§ Information shown:
'''

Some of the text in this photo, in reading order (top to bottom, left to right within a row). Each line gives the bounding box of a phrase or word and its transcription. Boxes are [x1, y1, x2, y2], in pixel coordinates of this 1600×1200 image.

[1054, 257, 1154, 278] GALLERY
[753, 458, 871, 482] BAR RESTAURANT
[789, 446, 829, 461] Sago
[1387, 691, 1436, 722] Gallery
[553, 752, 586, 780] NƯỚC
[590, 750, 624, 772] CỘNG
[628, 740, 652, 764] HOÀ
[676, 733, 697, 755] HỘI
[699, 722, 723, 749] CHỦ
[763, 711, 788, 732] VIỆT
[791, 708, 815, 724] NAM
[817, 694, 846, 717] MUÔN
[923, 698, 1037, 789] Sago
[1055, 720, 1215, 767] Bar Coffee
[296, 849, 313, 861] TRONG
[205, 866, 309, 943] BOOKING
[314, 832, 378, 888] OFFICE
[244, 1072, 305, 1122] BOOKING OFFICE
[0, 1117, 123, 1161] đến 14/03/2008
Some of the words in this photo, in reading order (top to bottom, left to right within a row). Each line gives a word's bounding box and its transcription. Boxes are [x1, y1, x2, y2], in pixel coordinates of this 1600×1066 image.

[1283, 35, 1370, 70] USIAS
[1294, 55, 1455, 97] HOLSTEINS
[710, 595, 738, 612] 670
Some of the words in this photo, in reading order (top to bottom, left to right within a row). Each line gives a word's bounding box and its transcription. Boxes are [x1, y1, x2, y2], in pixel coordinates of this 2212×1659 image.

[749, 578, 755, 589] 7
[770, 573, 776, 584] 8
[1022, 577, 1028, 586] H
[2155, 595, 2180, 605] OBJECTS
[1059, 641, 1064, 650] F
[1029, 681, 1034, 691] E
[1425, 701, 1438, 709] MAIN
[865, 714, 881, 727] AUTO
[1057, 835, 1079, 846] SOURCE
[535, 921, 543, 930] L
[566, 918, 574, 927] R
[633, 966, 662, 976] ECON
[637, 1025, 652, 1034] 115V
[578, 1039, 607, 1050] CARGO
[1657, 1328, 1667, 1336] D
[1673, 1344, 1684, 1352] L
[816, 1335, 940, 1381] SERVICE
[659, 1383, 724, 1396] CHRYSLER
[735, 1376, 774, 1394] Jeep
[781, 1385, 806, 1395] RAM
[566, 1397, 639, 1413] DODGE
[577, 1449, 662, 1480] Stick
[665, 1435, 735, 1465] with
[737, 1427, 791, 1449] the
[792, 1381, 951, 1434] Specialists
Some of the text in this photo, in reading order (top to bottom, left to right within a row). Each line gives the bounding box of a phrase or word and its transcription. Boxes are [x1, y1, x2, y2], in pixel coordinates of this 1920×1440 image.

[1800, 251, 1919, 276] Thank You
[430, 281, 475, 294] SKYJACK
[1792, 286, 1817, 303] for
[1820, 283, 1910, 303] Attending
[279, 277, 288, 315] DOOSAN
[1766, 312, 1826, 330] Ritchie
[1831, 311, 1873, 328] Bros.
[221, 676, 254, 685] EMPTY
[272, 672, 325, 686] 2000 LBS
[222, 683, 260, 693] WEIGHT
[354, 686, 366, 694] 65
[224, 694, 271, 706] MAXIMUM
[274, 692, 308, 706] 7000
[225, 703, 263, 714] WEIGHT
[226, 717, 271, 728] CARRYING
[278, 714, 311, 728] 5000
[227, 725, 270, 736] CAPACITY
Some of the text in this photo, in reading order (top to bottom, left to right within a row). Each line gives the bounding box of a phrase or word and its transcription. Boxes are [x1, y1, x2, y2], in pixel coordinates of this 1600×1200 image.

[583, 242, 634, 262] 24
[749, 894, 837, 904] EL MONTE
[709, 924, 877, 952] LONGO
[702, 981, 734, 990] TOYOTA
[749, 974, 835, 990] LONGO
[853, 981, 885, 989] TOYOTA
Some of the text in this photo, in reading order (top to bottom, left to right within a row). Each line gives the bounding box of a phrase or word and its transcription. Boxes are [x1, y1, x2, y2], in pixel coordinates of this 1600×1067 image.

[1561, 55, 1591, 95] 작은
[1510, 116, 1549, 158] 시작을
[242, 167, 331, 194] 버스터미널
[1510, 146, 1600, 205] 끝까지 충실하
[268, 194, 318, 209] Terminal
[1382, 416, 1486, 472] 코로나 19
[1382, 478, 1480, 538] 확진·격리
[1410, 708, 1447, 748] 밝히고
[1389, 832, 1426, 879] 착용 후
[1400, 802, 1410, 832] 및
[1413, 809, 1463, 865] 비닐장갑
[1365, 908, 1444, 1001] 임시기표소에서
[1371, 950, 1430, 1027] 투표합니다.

'''

§ Problem requirements:
A word-for-word copy of the data is what should be returned.

§ Output:
Some of the text in this photo, in reading order (top to bottom, left to right within a row). Each line gives the bounding box of a phrase or word and its transcription. Boxes are [x1, y1, x2, y2], in pixel coordinates of this 1600×1200 image.

[1054, 257, 1154, 278] GALLERY
[753, 458, 871, 482] BAR RESTAURANT
[789, 446, 829, 461] Sago
[1387, 691, 1436, 722] Gallery
[553, 752, 586, 780] NƯỚC
[590, 750, 624, 772] CỘNG
[628, 740, 652, 764] HOÀ
[676, 733, 697, 755] HỘI
[699, 722, 723, 749] CHỦ
[763, 711, 788, 732] VIỆT
[791, 708, 815, 724] NAM
[817, 694, 846, 717] MUÔN
[923, 698, 1037, 789] Sago
[1055, 720, 1215, 767] Bar Coffee
[296, 849, 313, 861] TRONG
[205, 866, 309, 943] BOOKING
[314, 832, 378, 888] OFFICE
[244, 1072, 305, 1122] BOOKING OFFICE
[0, 1117, 123, 1161] đến 14/03/2008
Some of the words in this photo, in reading order (top to bottom, left to right within a row). Each line gives a word's bounding box and its transcription. Boxes are [x1, y1, x2, y2], in pixel coordinates of this 1600×1066 image.

[1283, 35, 1370, 70] USIAS
[1294, 55, 1455, 97] HOLSTEINS
[710, 595, 738, 612] 670
Some of the words in this photo, in reading order (top to bottom, left to right within a row). Each line gives a word's bounding box and its transcription. Boxes are [x1, y1, x2, y2], in pixel coordinates of this 2212×1659 image.

[749, 578, 755, 589] 7
[770, 573, 776, 584] 8
[1022, 577, 1028, 586] H
[2155, 595, 2180, 605] OBJECTS
[1059, 641, 1064, 650] F
[1029, 681, 1034, 691] E
[1425, 701, 1438, 709] MAIN
[865, 714, 881, 727] AUTO
[1057, 835, 1079, 846] SOURCE
[535, 921, 543, 930] L
[566, 918, 574, 927] R
[633, 966, 662, 976] ECON
[637, 1025, 652, 1034] 115V
[578, 1039, 607, 1050] CARGO
[1657, 1328, 1667, 1336] D
[1673, 1344, 1684, 1352] L
[816, 1335, 940, 1381] SERVICE
[659, 1383, 724, 1396] CHRYSLER
[735, 1376, 774, 1394] Jeep
[781, 1385, 806, 1395] RAM
[566, 1397, 639, 1413] DODGE
[577, 1449, 662, 1480] Stick
[665, 1435, 735, 1465] with
[737, 1427, 791, 1449] the
[792, 1381, 951, 1434] Specialists
Some of the text in this photo, in reading order (top to bottom, left to right within a row). Each line gives the bounding box of a phrase or word and its transcription. Boxes are [x1, y1, x2, y2], in pixel coordinates of this 1920×1440 image.

[1800, 251, 1919, 276] Thank You
[430, 281, 475, 294] SKYJACK
[1792, 286, 1817, 303] for
[1820, 283, 1910, 303] Attending
[279, 277, 288, 315] DOOSAN
[1766, 312, 1826, 330] Ritchie
[1831, 311, 1873, 328] Bros.
[221, 676, 254, 685] EMPTY
[272, 672, 325, 686] 2000 LBS
[222, 683, 260, 693] WEIGHT
[354, 686, 366, 694] 65
[224, 694, 271, 706] MAXIMUM
[274, 692, 308, 706] 7000
[225, 703, 263, 714] WEIGHT
[226, 717, 271, 728] CARRYING
[278, 714, 311, 728] 5000
[227, 725, 270, 736] CAPACITY
Some of the text in this photo, in reading order (top to bottom, left to right within a row). Each line gives the bounding box of a phrase or word and its transcription. Boxes are [x1, y1, x2, y2], in pixel coordinates of this 1600×1200 image.

[583, 242, 634, 262] 24
[749, 894, 837, 904] EL MONTE
[709, 924, 877, 952] LONGO
[702, 981, 734, 990] TOYOTA
[749, 974, 835, 990] LONGO
[853, 981, 885, 989] TOYOTA
Some of the text in this photo, in reading order (top to bottom, left to right within a row). Each line gives the bounding box of a phrase or word and its transcription. Boxes are [x1, y1, x2, y2], in pixel coordinates of this 1600×1067 image.

[1561, 55, 1591, 95] 작은
[1510, 116, 1549, 158] 시작을
[242, 167, 331, 194] 버스터미널
[1510, 146, 1600, 205] 끝까지 충실하
[268, 194, 318, 209] Terminal
[1382, 416, 1486, 472] 코로나 19
[1382, 478, 1480, 538] 확진·격리
[1410, 708, 1447, 748] 밝히고
[1389, 832, 1426, 879] 착용 후
[1400, 802, 1410, 832] 및
[1413, 809, 1463, 865] 비닐장갑
[1365, 908, 1444, 1001] 임시기표소에서
[1371, 950, 1430, 1027] 투표합니다.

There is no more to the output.